■ **YOUR GOAL**: Restate all of the entries exactly, dropping any pictures they hold.

■ **DATA EXTRACT**:
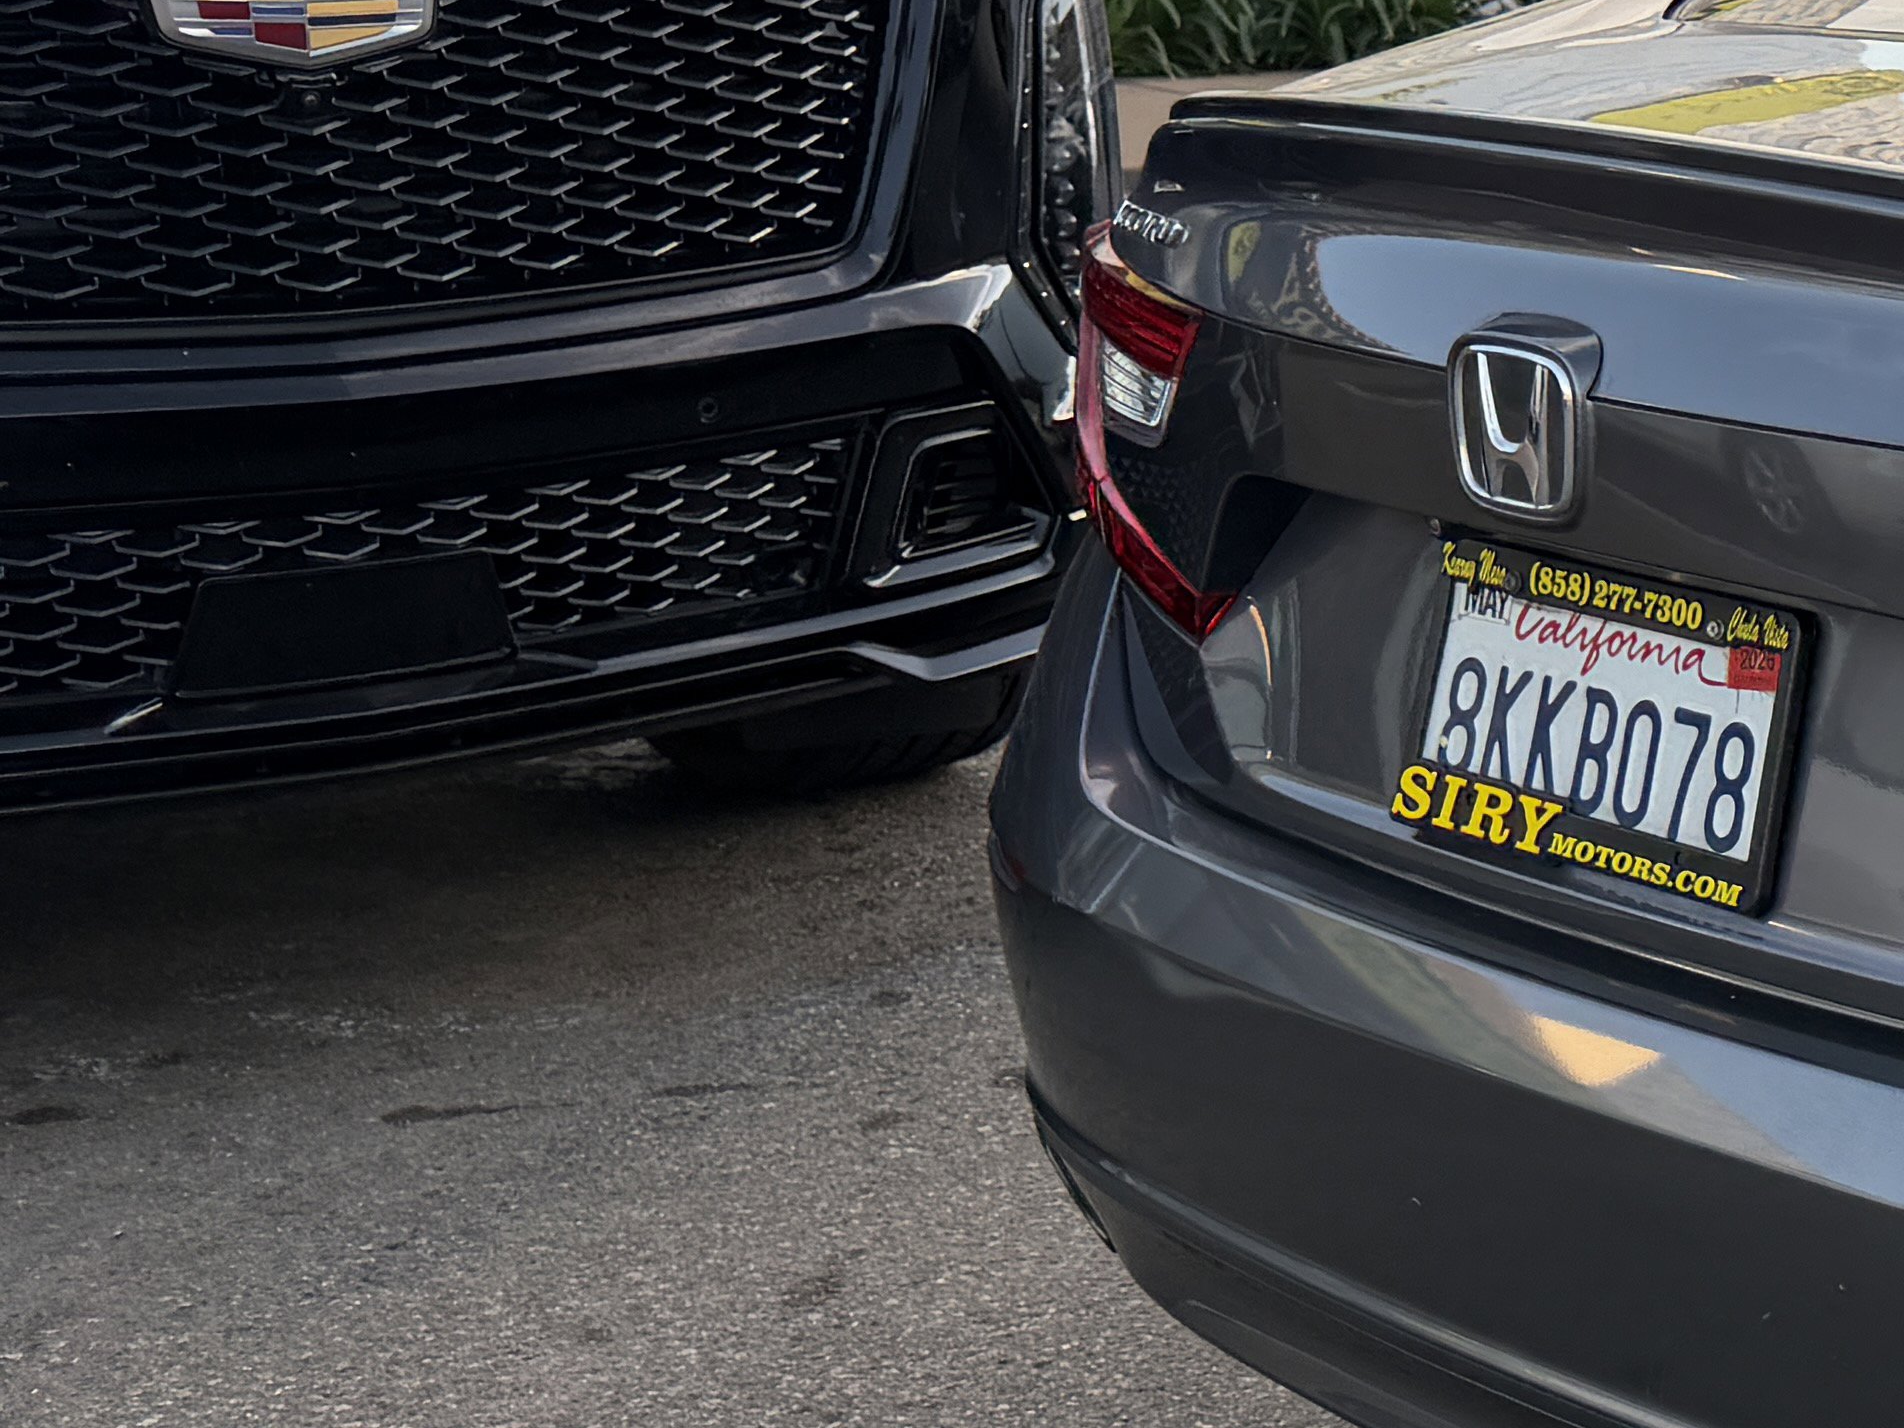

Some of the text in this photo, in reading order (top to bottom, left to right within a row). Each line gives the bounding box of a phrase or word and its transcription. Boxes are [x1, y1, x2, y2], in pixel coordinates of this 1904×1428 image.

[1514, 603, 1727, 687] California
[1529, 561, 1591, 607] (858)
[1593, 580, 1702, 631] 277-7300
[1440, 656, 1756, 854] 8KKB078
[1391, 764, 1744, 908] SIRY MOTORS.COM
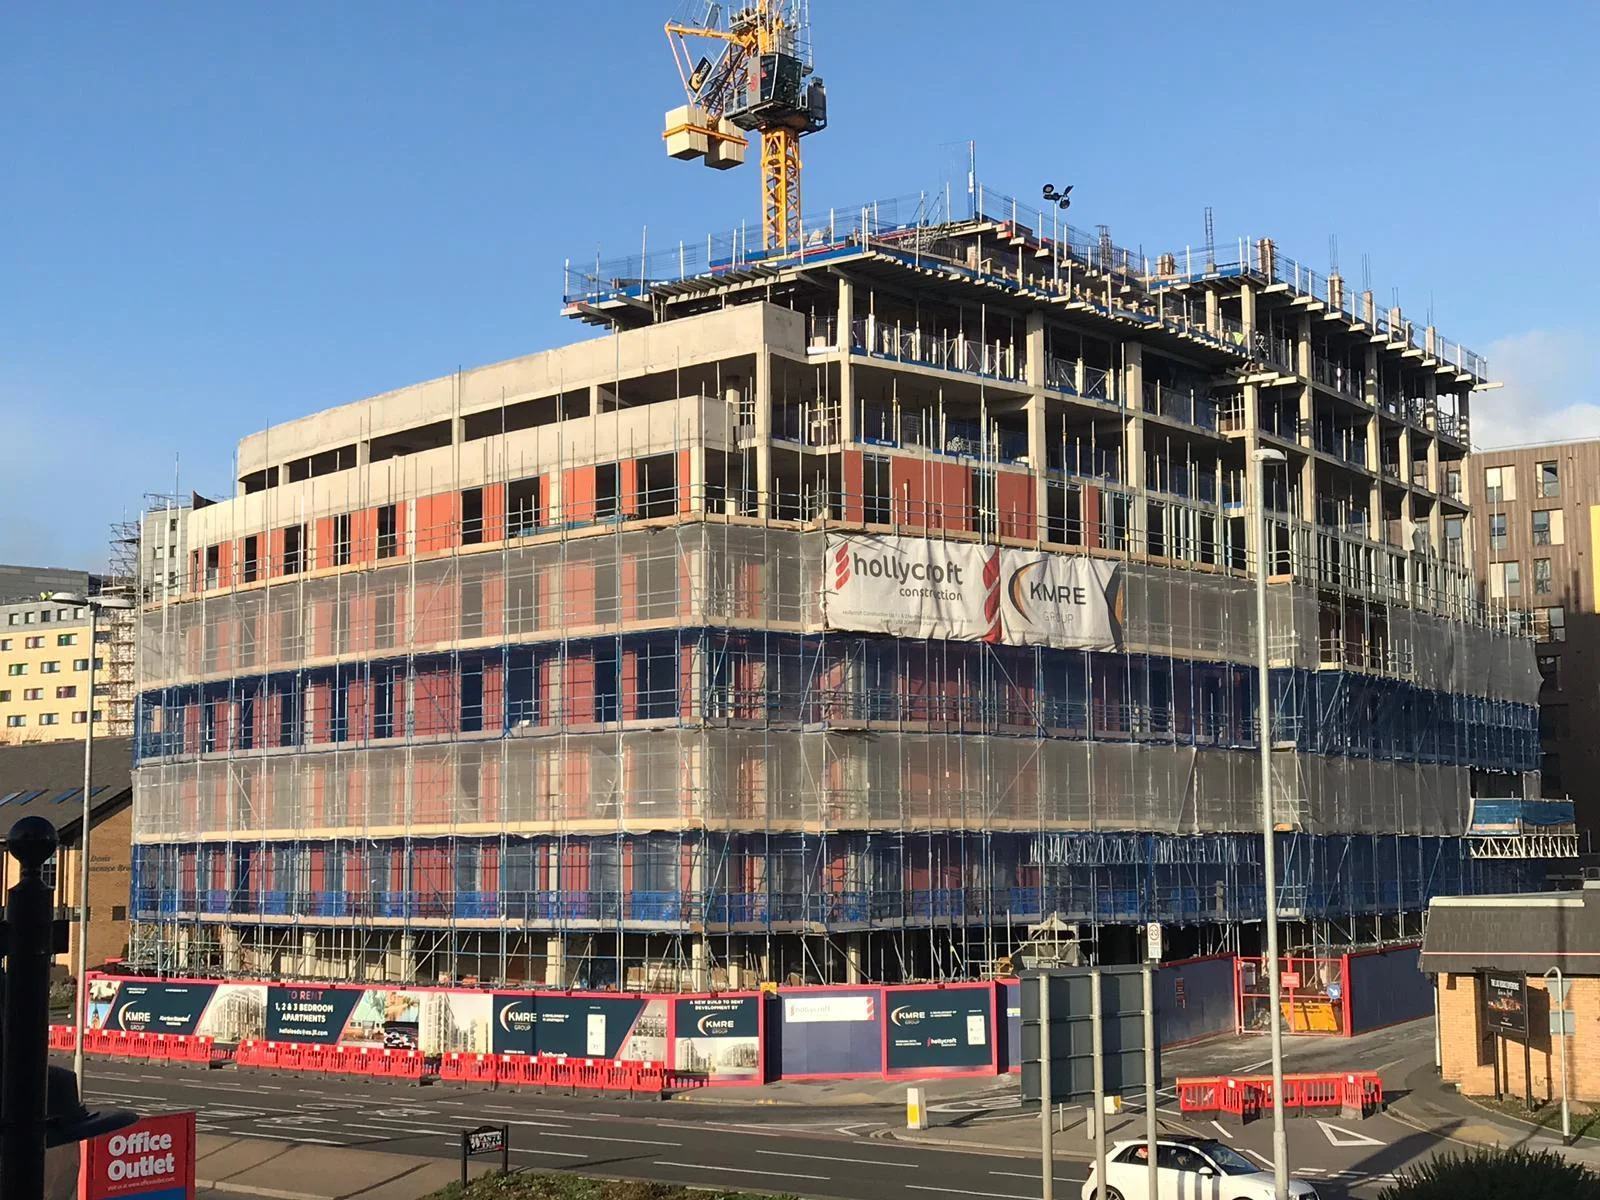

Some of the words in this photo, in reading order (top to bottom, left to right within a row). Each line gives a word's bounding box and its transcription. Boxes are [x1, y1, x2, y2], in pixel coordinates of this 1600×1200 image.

[853, 552, 963, 585] hollycroft
[1030, 581, 1087, 605] KMRE
[300, 990, 324, 1001] RENT
[281, 1002, 287, 1011] 2
[299, 1003, 334, 1013] BEDROOM
[125, 1011, 151, 1022] KMRE
[281, 1013, 326, 1023] APARTMENTS
[508, 1011, 538, 1022] KMRE
[899, 1011, 926, 1019] KMRE
[705, 1020, 735, 1028] KMRE
[108, 1131, 172, 1157] Office
[107, 1153, 175, 1181] Outlet
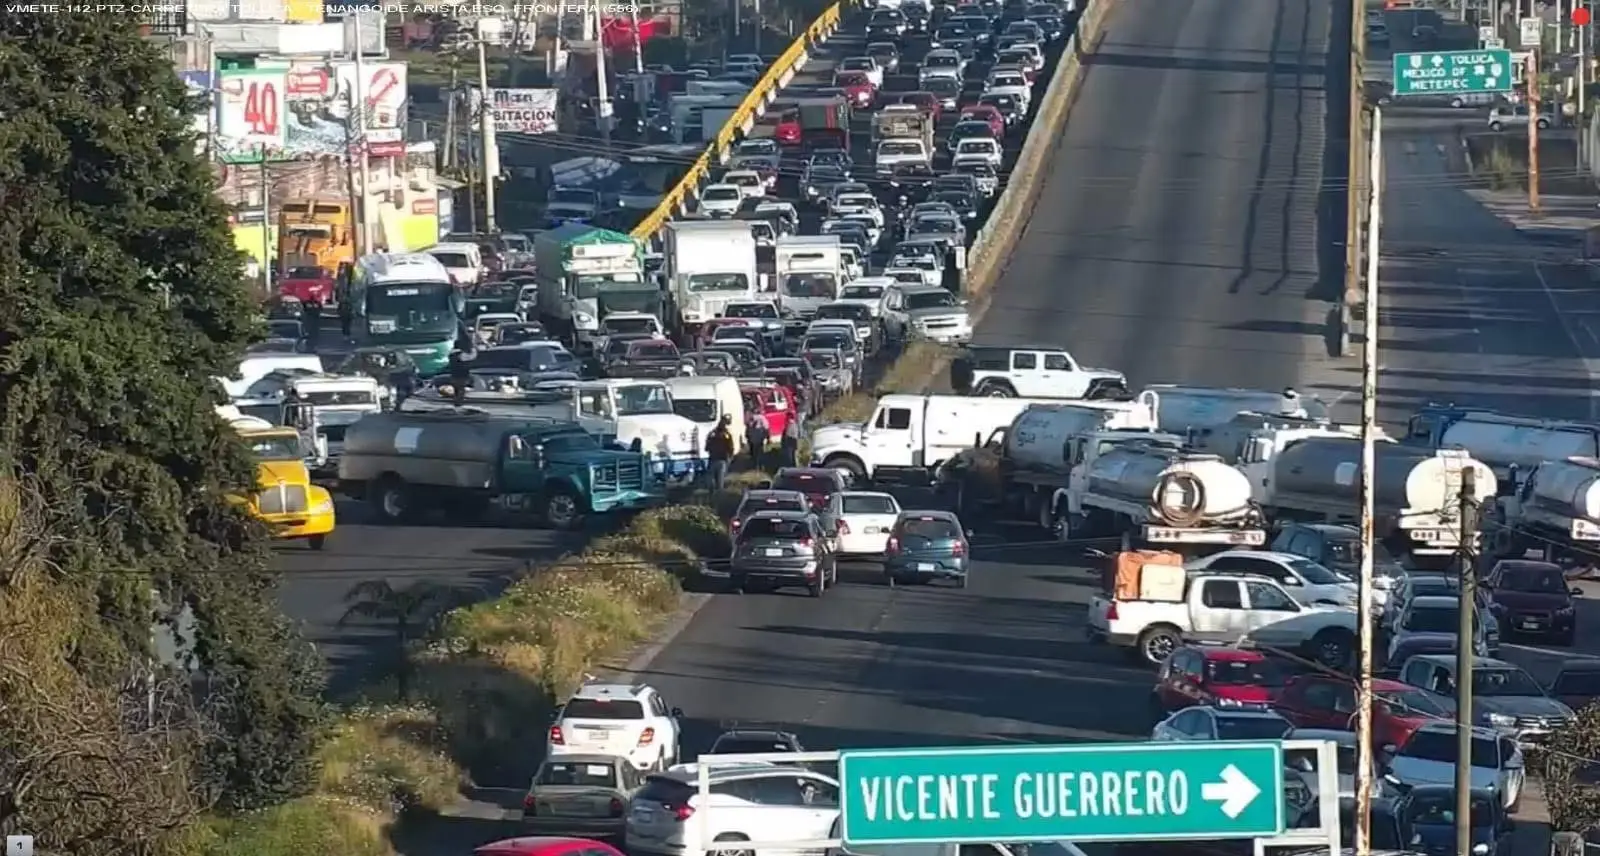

■ **ANSWER FOR THIS EXERCISE**:
Some of the text in this photo, in reading order (top to bottom, left to right within a row). Each line gives the bounding box of a phrase or word and its transcription. Boxes are [x1, y1, x2, y2], in pixel coordinates of this 1904×1428 image.

[1514, 603, 1727, 687] California
[1529, 561, 1591, 607] (858)
[1593, 580, 1702, 631] 277-7300
[1440, 656, 1756, 854] 8KKB078
[1391, 764, 1744, 908] SIRY MOTORS.COM

Some of the words in this photo, in reading order (top to bottom, left to right within a row). Each line gives a word's bounding box and its transcription. Boxes are [x1, y1, x2, y2], in pixel coordinates of this 1600×1200 image.

[853, 552, 963, 585] hollycroft
[1030, 581, 1087, 605] KMRE
[300, 990, 324, 1001] RENT
[281, 1002, 287, 1011] 2
[299, 1003, 334, 1013] BEDROOM
[125, 1011, 151, 1022] KMRE
[281, 1013, 326, 1023] APARTMENTS
[508, 1011, 538, 1022] KMRE
[899, 1011, 926, 1019] KMRE
[705, 1020, 735, 1028] KMRE
[108, 1131, 172, 1157] Office
[107, 1153, 175, 1181] Outlet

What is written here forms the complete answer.